EXERCISE:
All of the data that follows should be given again exactly, without its images.

[EXCERPTED DATA Boundary: Start]

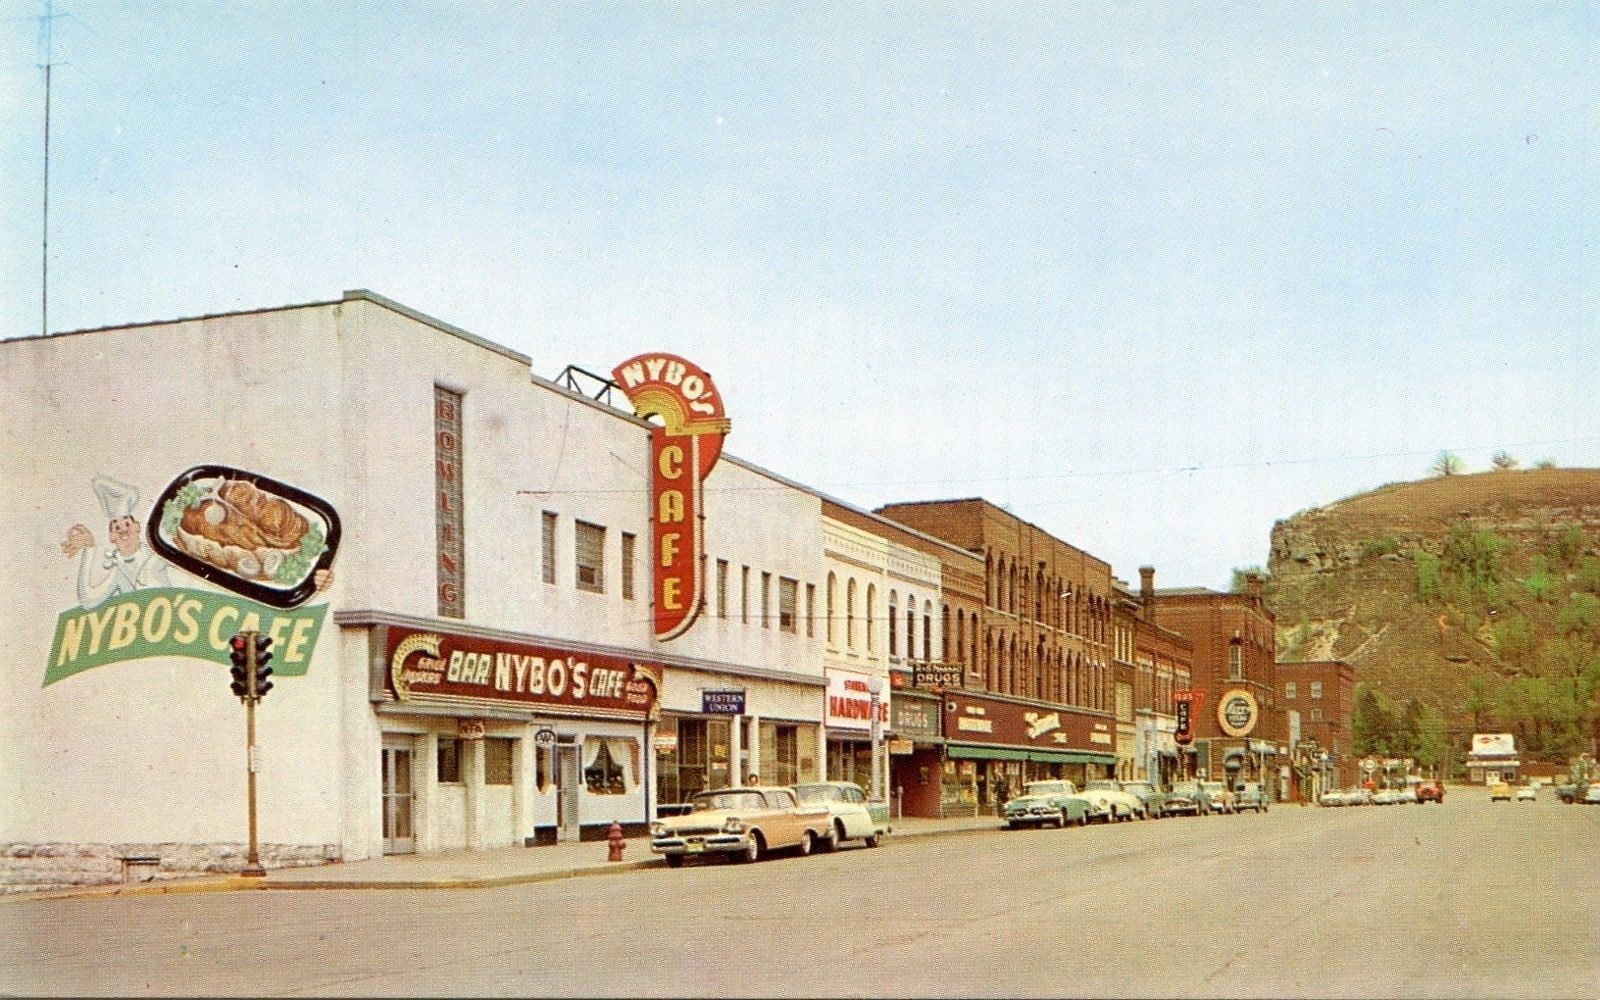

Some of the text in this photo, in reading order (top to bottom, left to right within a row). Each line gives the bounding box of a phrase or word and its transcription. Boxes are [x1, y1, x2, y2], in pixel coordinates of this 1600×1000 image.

[621, 358, 715, 416] NYBO'S
[437, 400, 457, 605] BOWLING
[658, 445, 684, 610] CAFE
[56, 593, 204, 667] NYBO'S
[447, 650, 627, 699] BAR NYBO'S CAFE
[704, 694, 744, 702] WESTERN
[917, 673, 961, 683] DRUGS
[829, 695, 889, 722] HARDWE
[898, 710, 929, 729] DRUGS
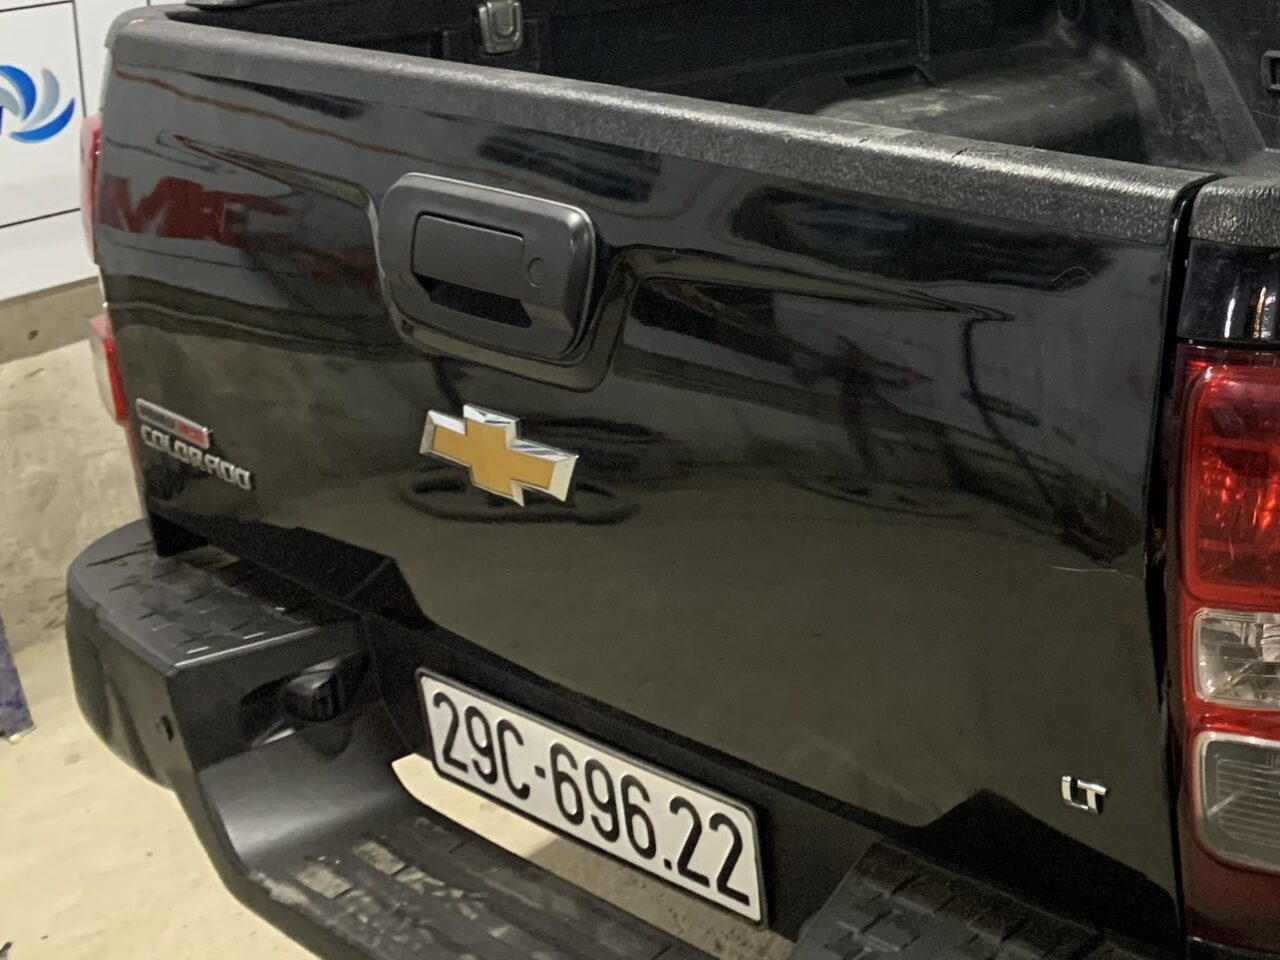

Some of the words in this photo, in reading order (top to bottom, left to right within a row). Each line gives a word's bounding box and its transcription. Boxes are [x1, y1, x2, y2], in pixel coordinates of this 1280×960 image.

[140, 424, 252, 491] COLORADO
[432, 690, 751, 907] 29C-696.22
[1061, 775, 1107, 814] LT
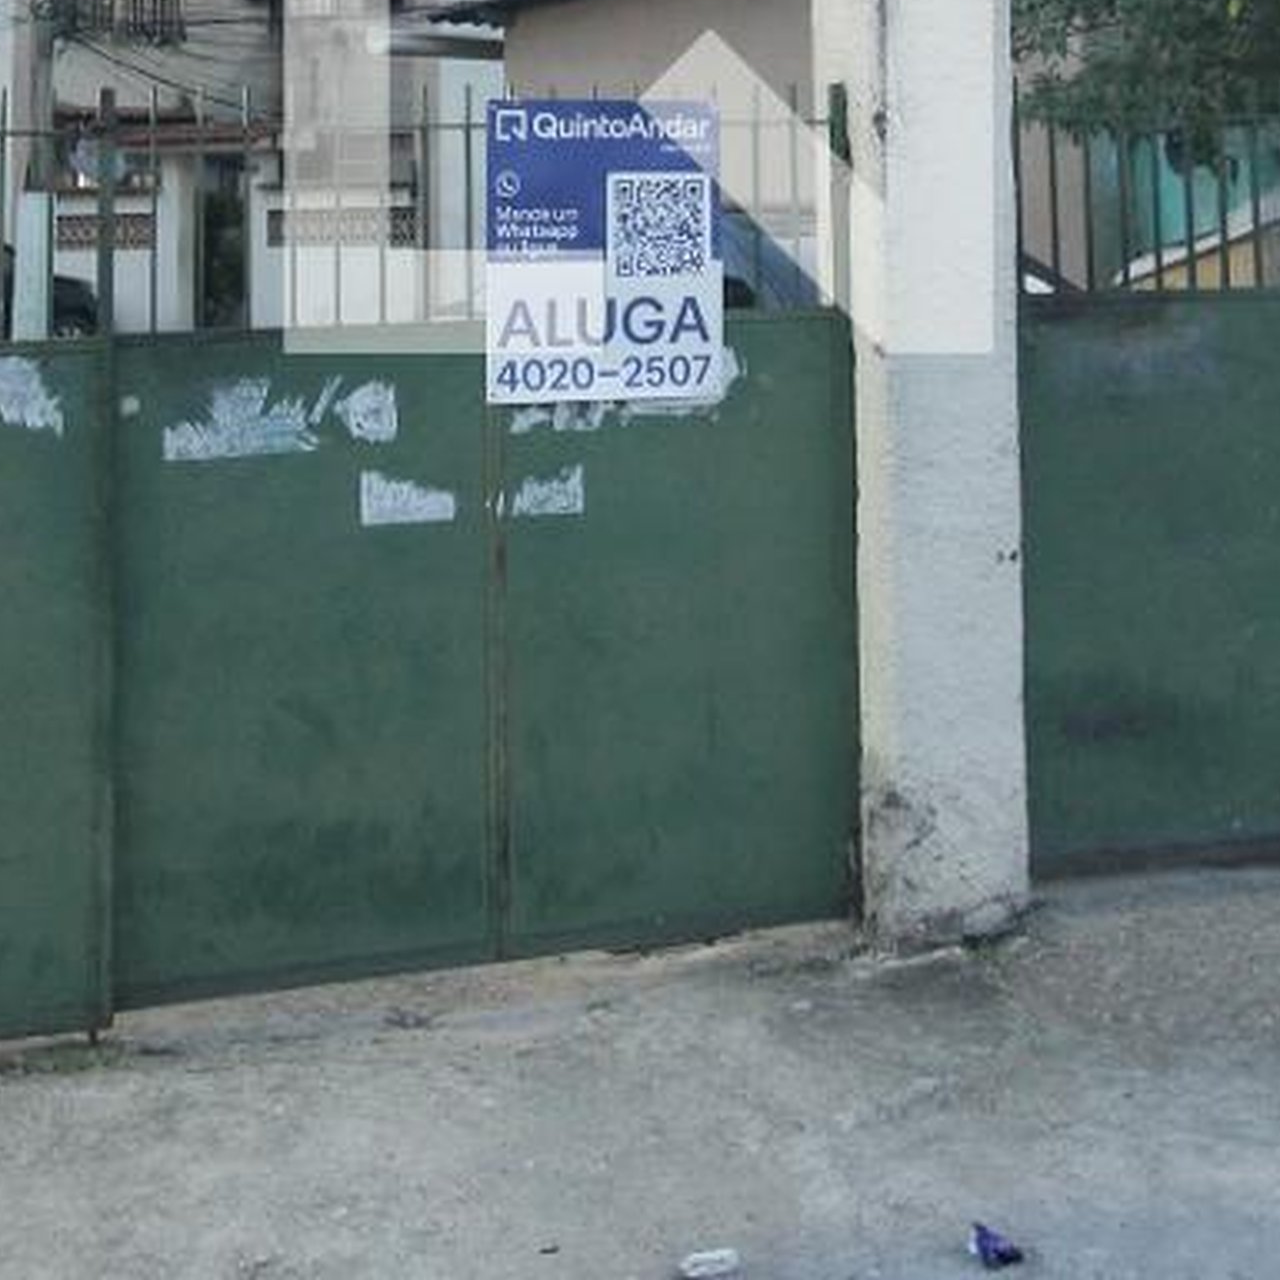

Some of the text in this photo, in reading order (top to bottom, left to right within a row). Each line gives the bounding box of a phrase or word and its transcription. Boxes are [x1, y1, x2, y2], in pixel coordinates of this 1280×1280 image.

[532, 111, 710, 140] QuintoAndar
[497, 296, 711, 348] ALUGA
[496, 356, 712, 393] 4020-2507
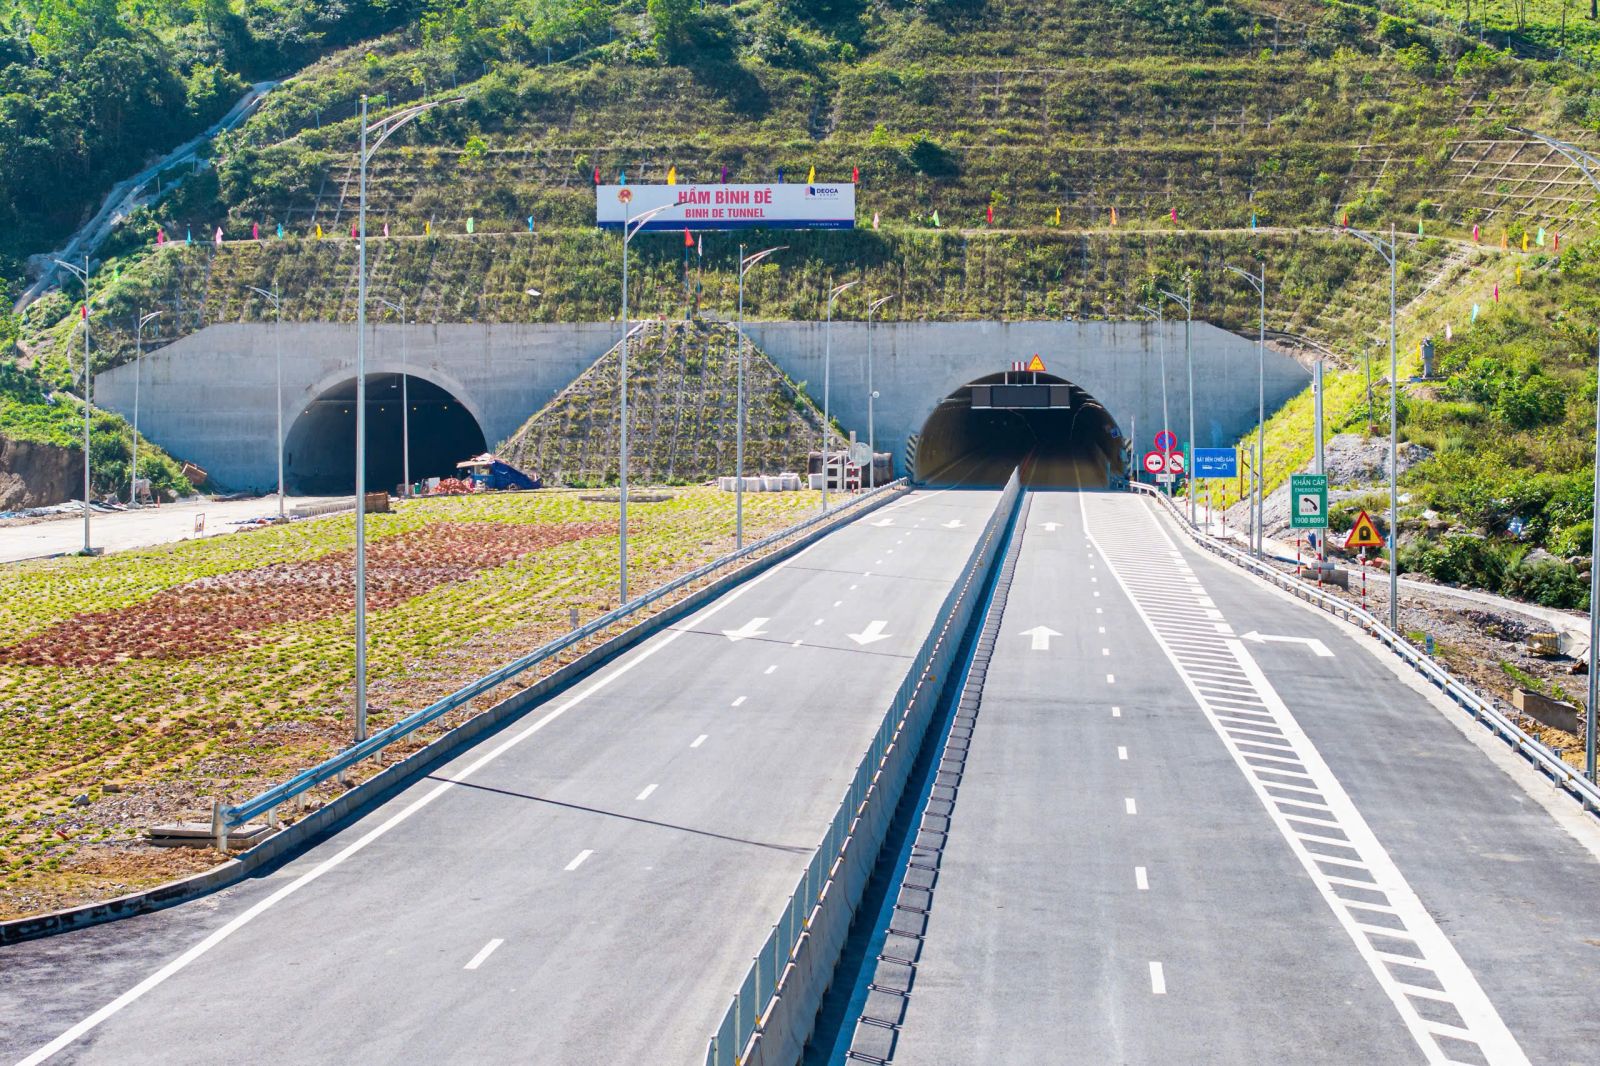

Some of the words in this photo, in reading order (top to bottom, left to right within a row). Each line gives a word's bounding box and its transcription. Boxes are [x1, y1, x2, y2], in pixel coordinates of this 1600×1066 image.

[EXCERPTED DATA Boundary: End]

RESPONSE BELOW:
Some of the text in this photo, in reading order (top to bottom, left to right within a row). Each line gives the bounding box of a phrase or word and its transcription. Boxes are [x1, y1, x2, y2], in pixel coordinates of this 1600×1000 image.

[621, 358, 715, 416] NYBO'S
[437, 400, 457, 605] BOWLING
[658, 445, 684, 610] CAFE
[56, 593, 204, 667] NYBO'S
[447, 650, 627, 699] BAR NYBO'S CAFE
[704, 694, 744, 702] WESTERN
[917, 673, 961, 683] DRUGS
[829, 695, 889, 722] HARDWE
[898, 710, 929, 729] DRUGS

Some of the words in this photo, in reading order (top to bottom, left to right within a row). Each line gives a word's bounding box and its transcription. Boxes are [x1, y1, x2, y2], in pixel coordinates of this 1280×960 image.

[140, 424, 252, 491] COLORADO
[432, 690, 751, 907] 29C-696.22
[1061, 775, 1107, 814] LT

Some of the text in this photo, in reading order (top to bottom, left to right within a row). Each line gives the bounding box of a phrase or word and its transcription. Boxes are [x1, y1, x2, y2], in pixel coordinates of this 1280×1280 image.

[532, 111, 710, 140] QuintoAndar
[497, 296, 711, 348] ALUGA
[496, 356, 712, 393] 4020-2507

Some of the words in this photo, in reading order (top to bottom, left to right within a row). Each line gives a word's bounding box and its transcription. Boxes are [x1, y1, x2, y2], in pixel coordinates of this 1600×1066 image.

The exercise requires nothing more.